По-прежнему уставившись в пол, Никола обнял Лизу за плечо, провёл в комнату и усадил на диван.

— На самом деле, — лишь теперь он поднял на неё тяжёлый взгляд, — это — не более чем одна из тех возможных провокаций, о которых через тебя предупреждал нас твой «пациент». В этом не сомневается никто, включая комиссара.

— Тогда — почему?..

— Именно потому, что преступники боятся Ивана. Определённо пока ничего неизвестно, этим занимается прокуратура. Знаю только, что комиссар сразу же, утром, имел разговор с прокурором города, после которого собрал всех нас. Мы уже написали рапорты, составили и подписали коллективное ходатайство «наверх», сейчас готовятся другие необходимые документы, и сегодня вечером комиссар специально выезжает в Москву. — Никола коснулся её руки. — Такая у нас служба, Лизонька.

И вдруг добавил каким-то несвойственным ему, проникновенно-печальным тоном:

— Это — ещё не самое страшное, что случается в нашей работе…

* * *

В приёмной министра внутренних дел СССР царила деловая тишина. Редких в такие дни (накануне заседания Совмина) посетителей направляли к одному из заместителей или кому-нибудь из референтов. Исключение было сделано лишь для неожиданно приехавшего начальника Ленинградского управления.

Адъютант взглянул на часы. Отпущенные десять минут истекли. Он нажал на зелёную кнопку, расположенную на панели «вертушки», однако, она, мигнув пару раз, погасла. Чуть нахмурившись, офицер скользнул взглядом по массивной дубовой двери и вновь уткнулся в бумаги.

— И ты только ради этого сорвался и приехал? — спросил Серов. В тоне министра сквозило явное недоумение.

— Не только. Но ради этого — в первую очередь, — твёрдо ответил Соловьёв. — У меня таких ребят на пальцах одной руки пересчитать можно. Достаточно заглянуть в послужной список этого тридцатилетнего майора, которого мы меньше года назад едва не посмертно орденом наградили.

— Да, я помню. — Тон Серова смягчился. — Ладно. Оставь у меня эти бумаги. Завтра после Совмина попытаюсь «прижать» Руденко. [29]

— Очень хорошо бы попытаться, — негромко произнёс Соловьёв, — потому что на послезавтра я записался на приём в ЦК.

Глаза министра превратились в два стальных буравчика:

— Надеюсь, пока не к Генеральному?

— Нет пока, — всё так же спокойно ответил Соловьёв. И после секундной паузы уточнил: — Хотя стаж позволяет. Я ведь свой партбилет в декабре сорок первого получил. На Ленинградском фронте.

— Да, — вновь сменив тональность, почти ворчливо проговорил Серов, — в ЦК других дел нет, кроме как с твоим майором разбираться.

— Так мы с ним в одной парторганизации состоим, как-никак.

— Хорошо, хорошо, договорились! Приходи завтра в 17.00. Если задержусь — подожди уж…

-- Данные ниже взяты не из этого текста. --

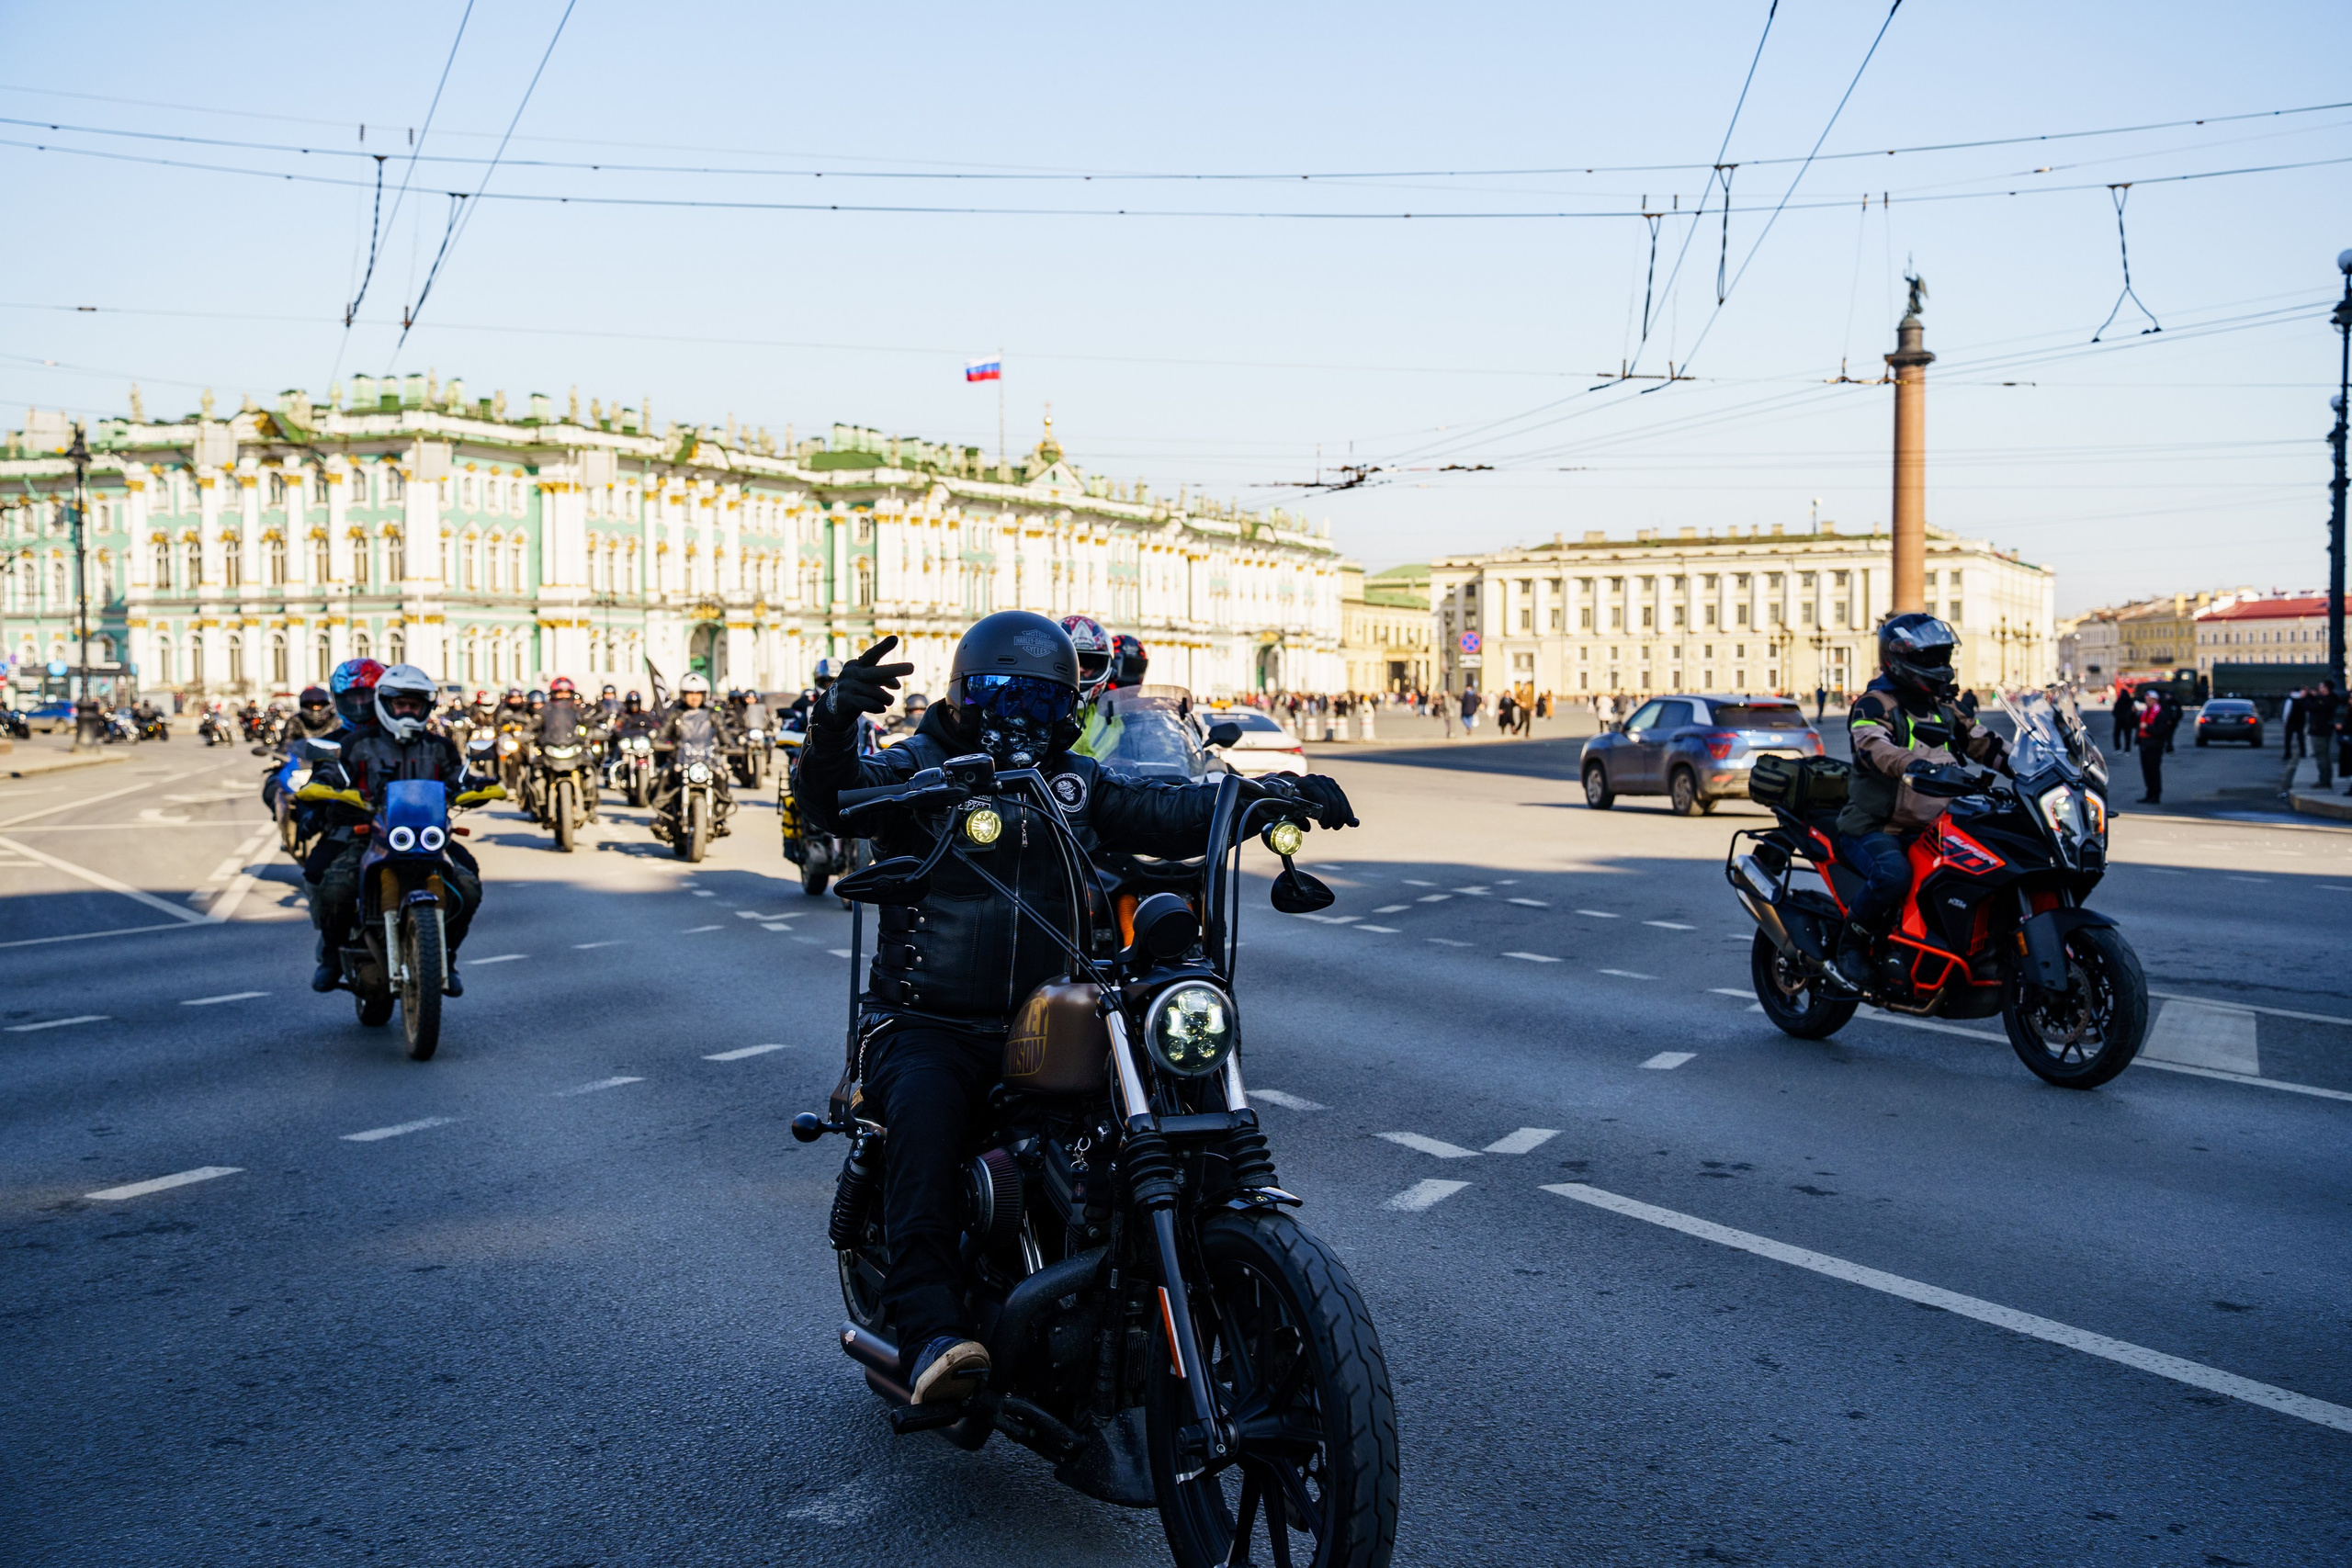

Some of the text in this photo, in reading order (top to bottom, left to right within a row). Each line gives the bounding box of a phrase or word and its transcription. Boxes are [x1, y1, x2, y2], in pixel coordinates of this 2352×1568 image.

[1025, 631, 1048, 639] MOTOR
[1015, 637, 1057, 649] HARLEY-DAVIDSON
[1025, 646, 1048, 655] CYCLES
[1946, 836, 1998, 865] SUPER
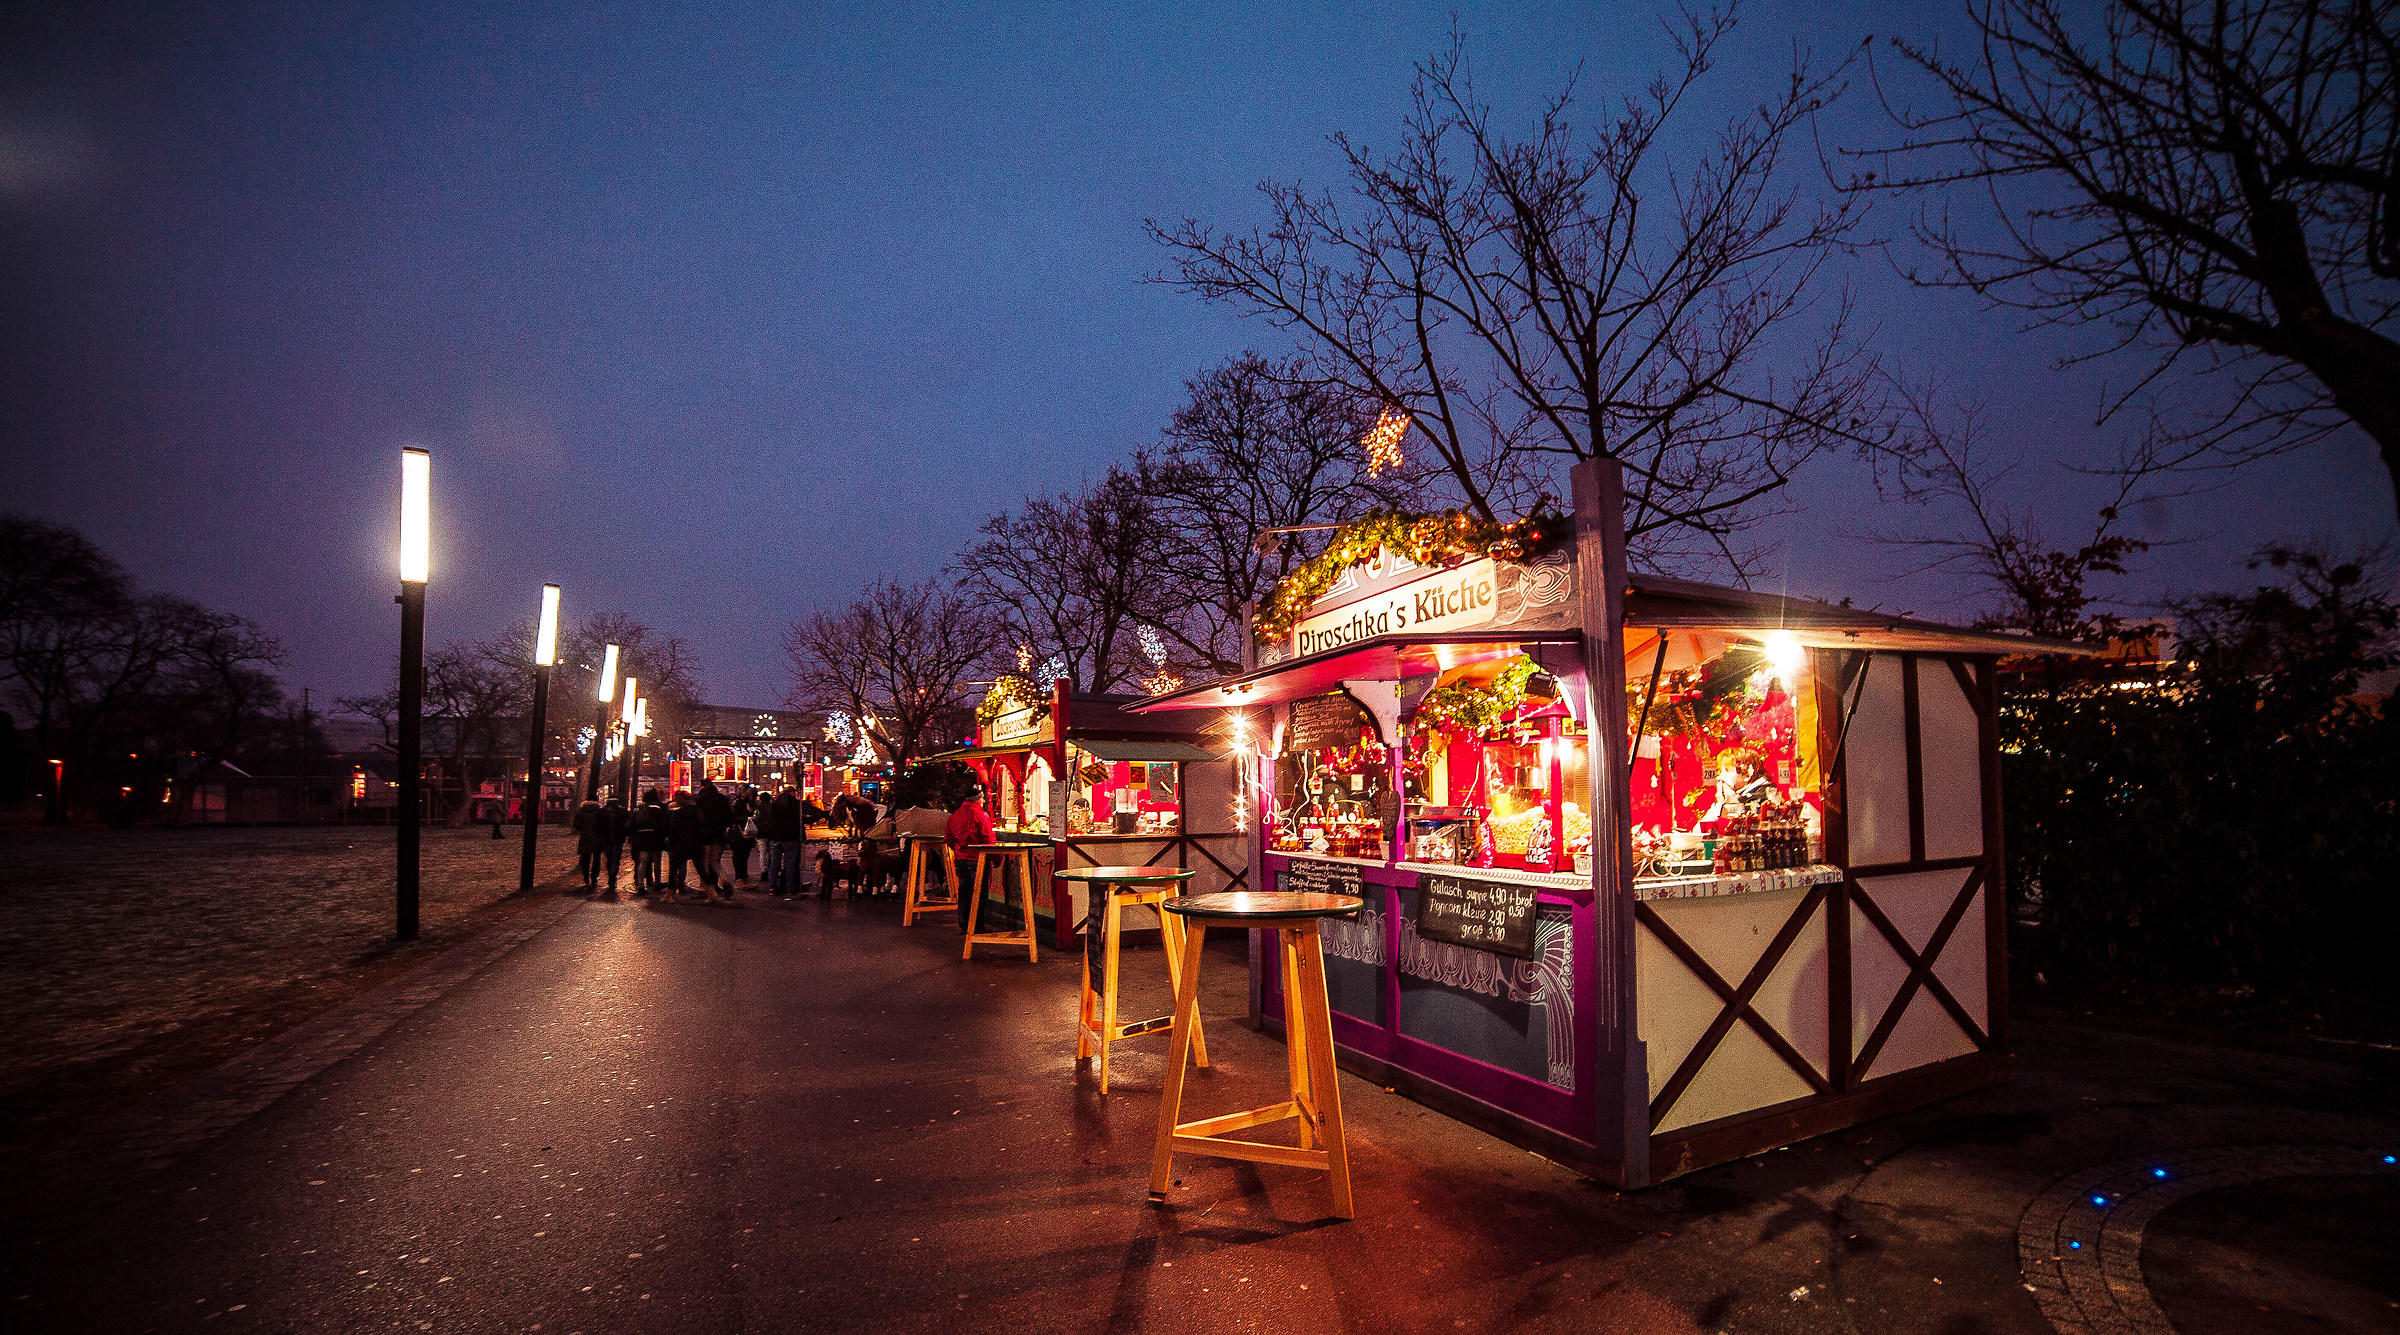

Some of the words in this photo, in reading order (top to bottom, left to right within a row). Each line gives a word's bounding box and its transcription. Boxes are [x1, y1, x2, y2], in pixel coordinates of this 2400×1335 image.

[1298, 601, 1407, 657] Piroschka's
[1414, 577, 1492, 624] Küche
[1430, 879, 1463, 898] Gulasch
[1466, 889, 1488, 905] suppe
[1489, 887, 1507, 906] 4,90
[1429, 898, 1461, 917] Popcorn
[1486, 926, 1506, 942] 3,90
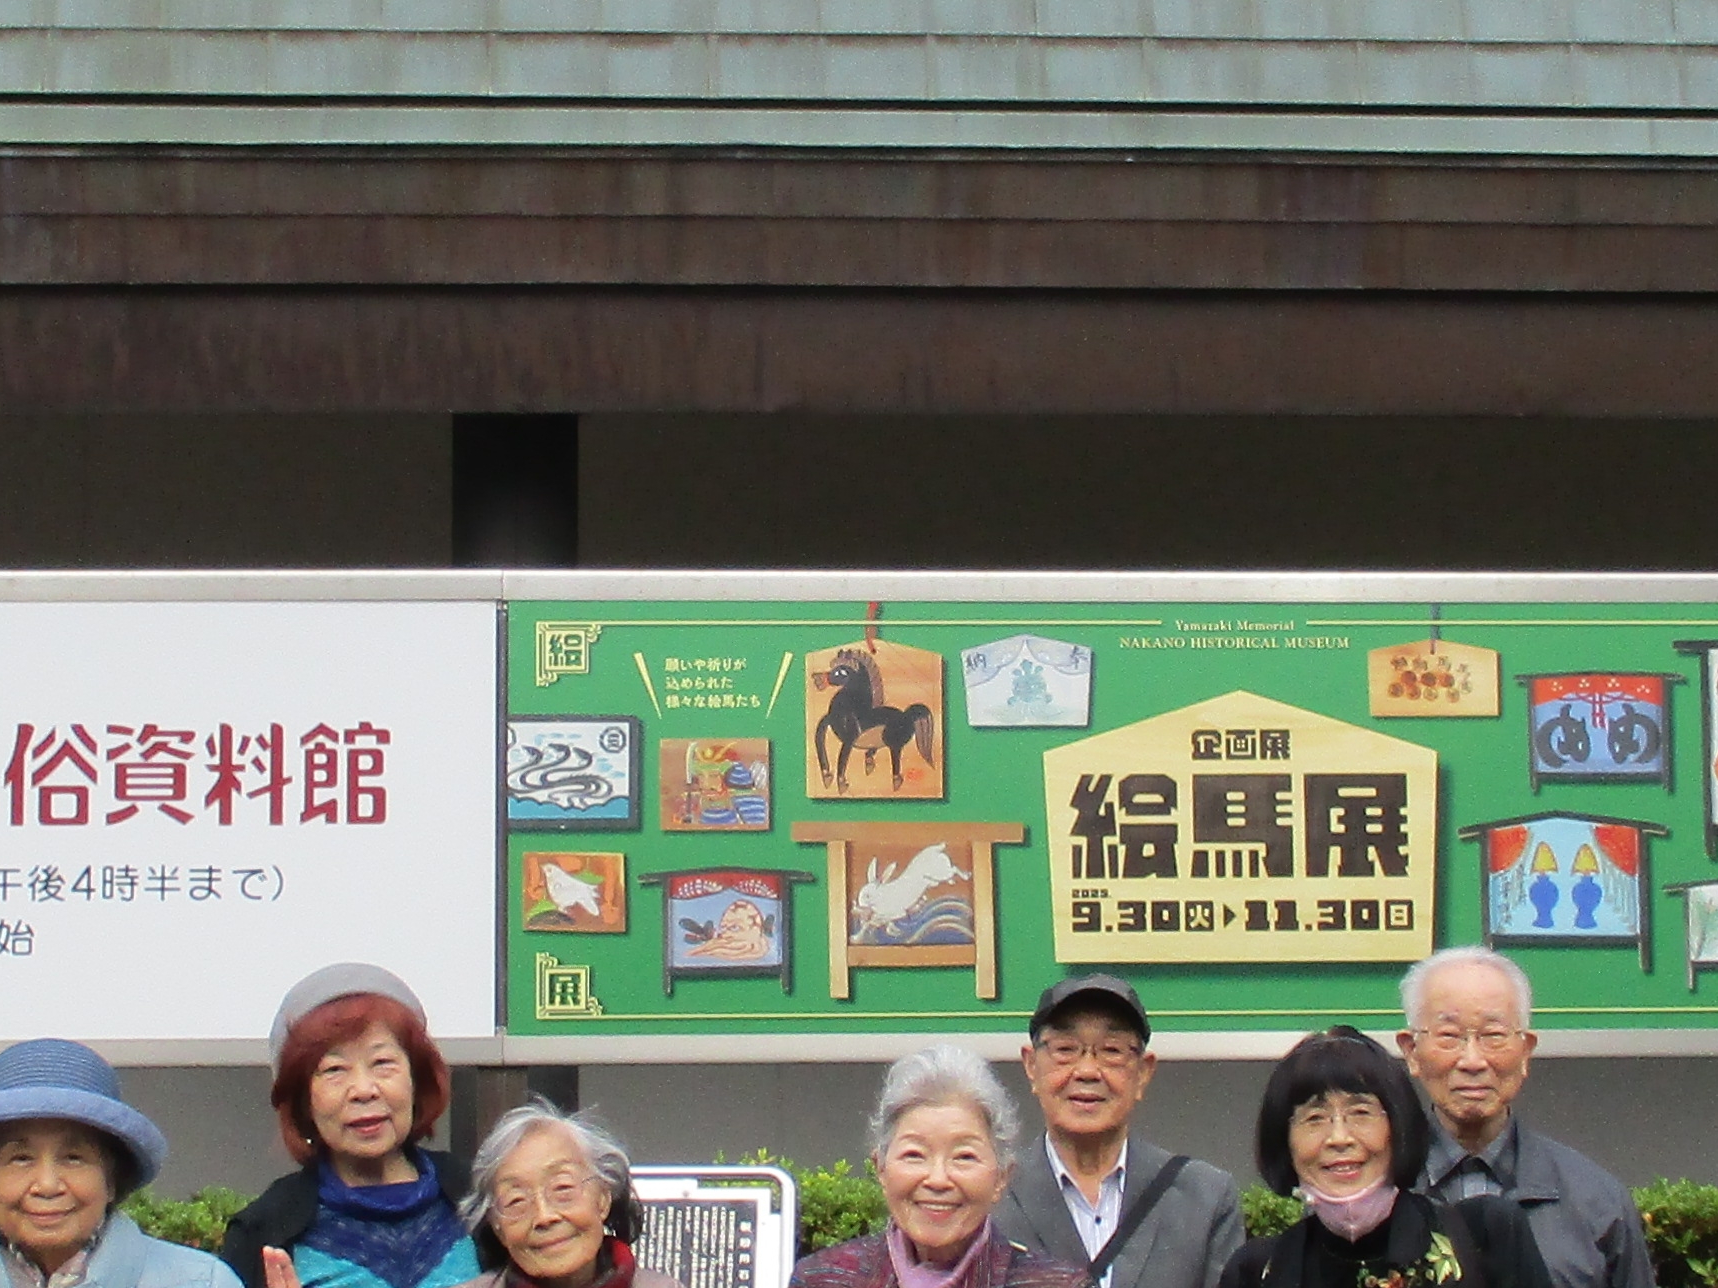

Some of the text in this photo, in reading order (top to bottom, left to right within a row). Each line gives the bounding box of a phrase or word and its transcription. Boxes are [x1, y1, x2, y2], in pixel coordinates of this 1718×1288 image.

[1175, 619, 1295, 632] Yamazaki Memorial
[1119, 636, 1350, 650] NAKANO HISTORICAL MUSEUM
[665, 657, 747, 673] 願いや祈りが
[665, 676, 734, 691] 込められた
[665, 693, 761, 709] 様々な絵馬たち
[1191, 729, 1291, 762] 企画展
[1068, 772, 1410, 880] 絵馬展

Собственный рапорт комиссара оказался предпоследним документом в оставленной Соловьёвым довольно пухлой папке. Прочитав его не менее внимательно, чем остальные бумаги, Серов слегка вскинул брови:

— «…Персональное ручательство за майора Кривошеина И.Ф. прилагаю…».

Министр взял в руки небольшой плотный конверт, остававшийся в папке и лежавший как бы отдельно, и вынул из него… аккуратно соединённые лентой лампаса генеральские погоны.

* * *

— Я давно понял, что тебе, с твоими жизненными установками, надо было в адвокатуру идти, — ленивым тоном проговорил Богомол. — Там бы ты сделал более успешную карьеру. Главное — самостоятельную. Сейчас уже — что говорить!

Он демонстративно вздохнул и повернул голову к сидящему рядом с ним в машине человеку. Даже в полумраке кабины тот почти физически ощутил, как его полоснула холодная сталь глаз.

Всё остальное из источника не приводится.